- [Required work]: All of the data goes into your copy exactly as written. Images do not.

Excerpts from a dataset:

※ ※ ※

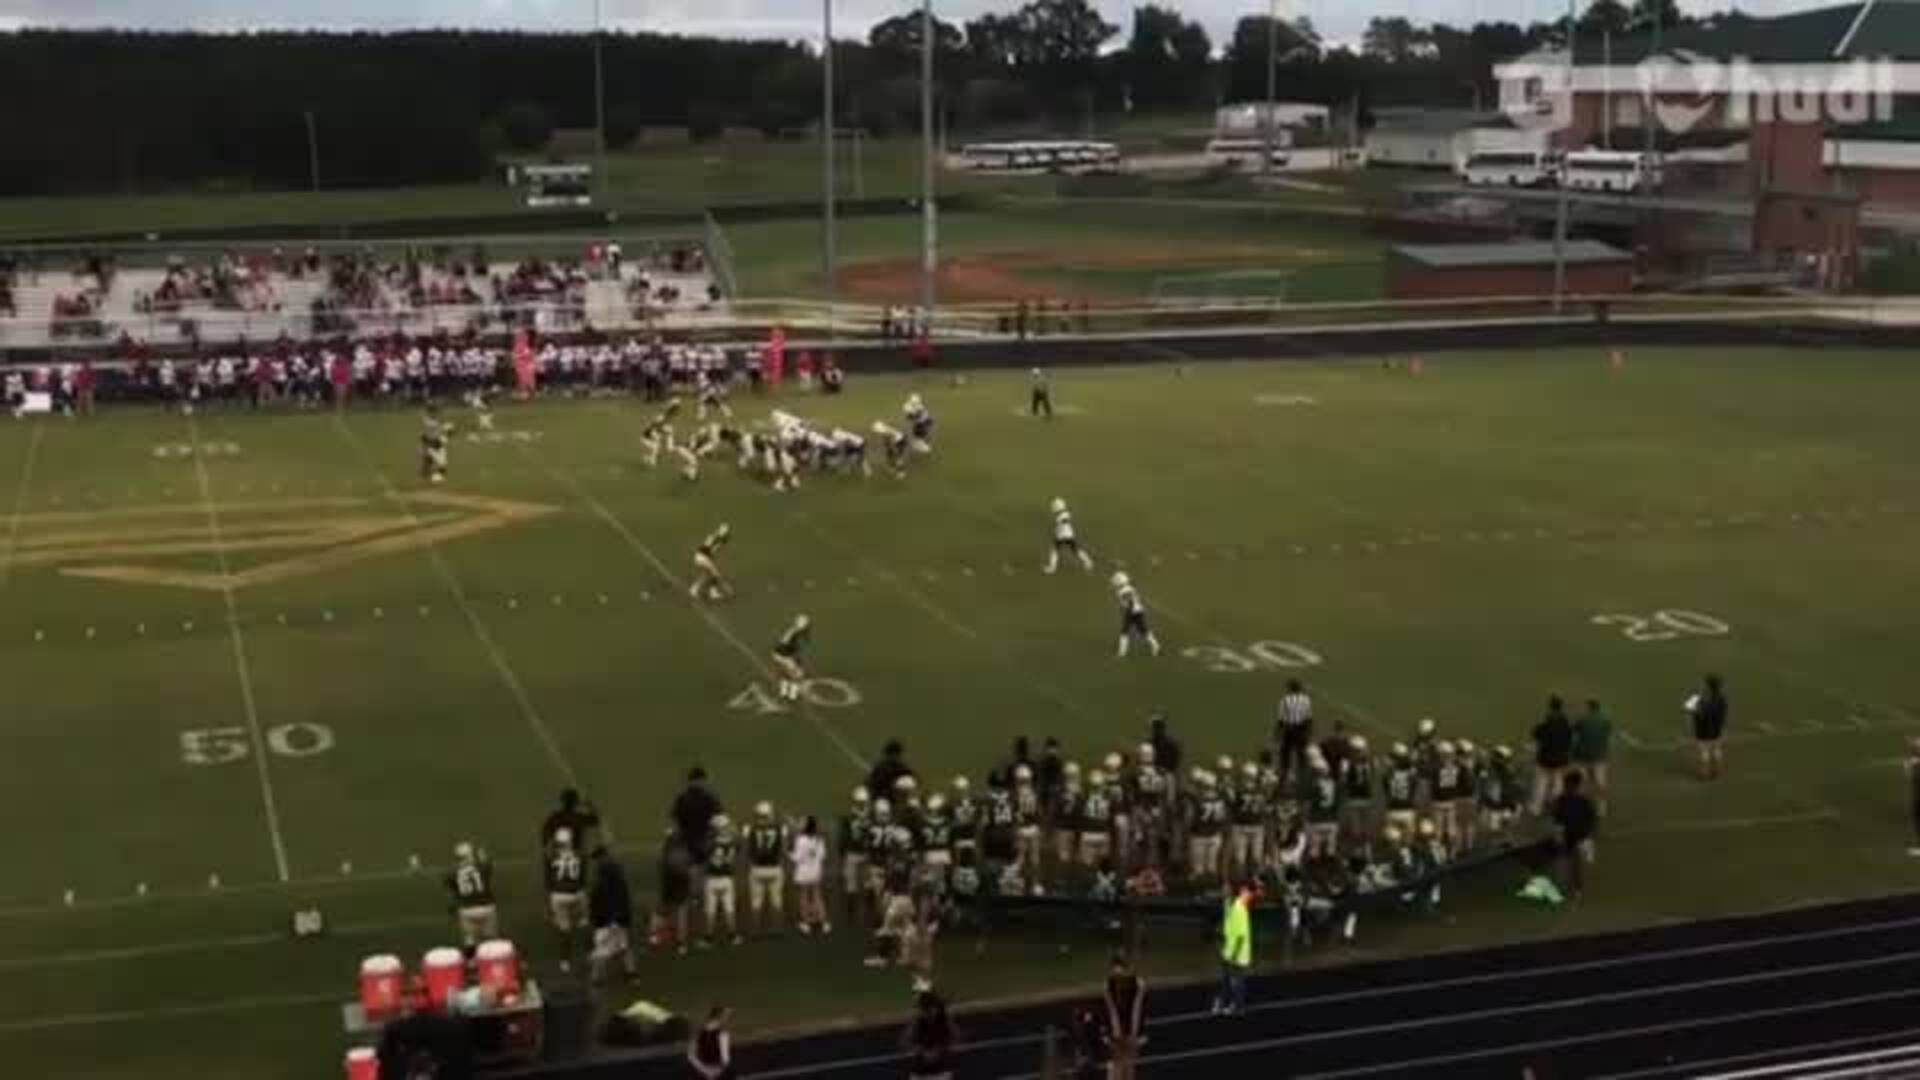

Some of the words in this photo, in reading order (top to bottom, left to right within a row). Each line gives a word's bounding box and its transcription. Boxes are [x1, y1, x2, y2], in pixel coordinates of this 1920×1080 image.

[1591, 607, 1730, 641] 20
[1180, 638, 1322, 673] 30
[727, 676, 861, 713] 40
[180, 722, 335, 764] 50
[756, 829, 777, 849] 17

※ ※ ※

- [Output]:
Some of the words in this photo, in reading order (top to bottom, left to right within a row). Each line gives a word's bounding box and its transcription. Boxes are [x1, y1, x2, y2], in pixel coordinates of this 1920×1080 image.

[1591, 607, 1730, 641] 20
[1180, 638, 1322, 673] 30
[727, 676, 861, 713] 40
[180, 722, 335, 764] 50
[756, 829, 777, 849] 17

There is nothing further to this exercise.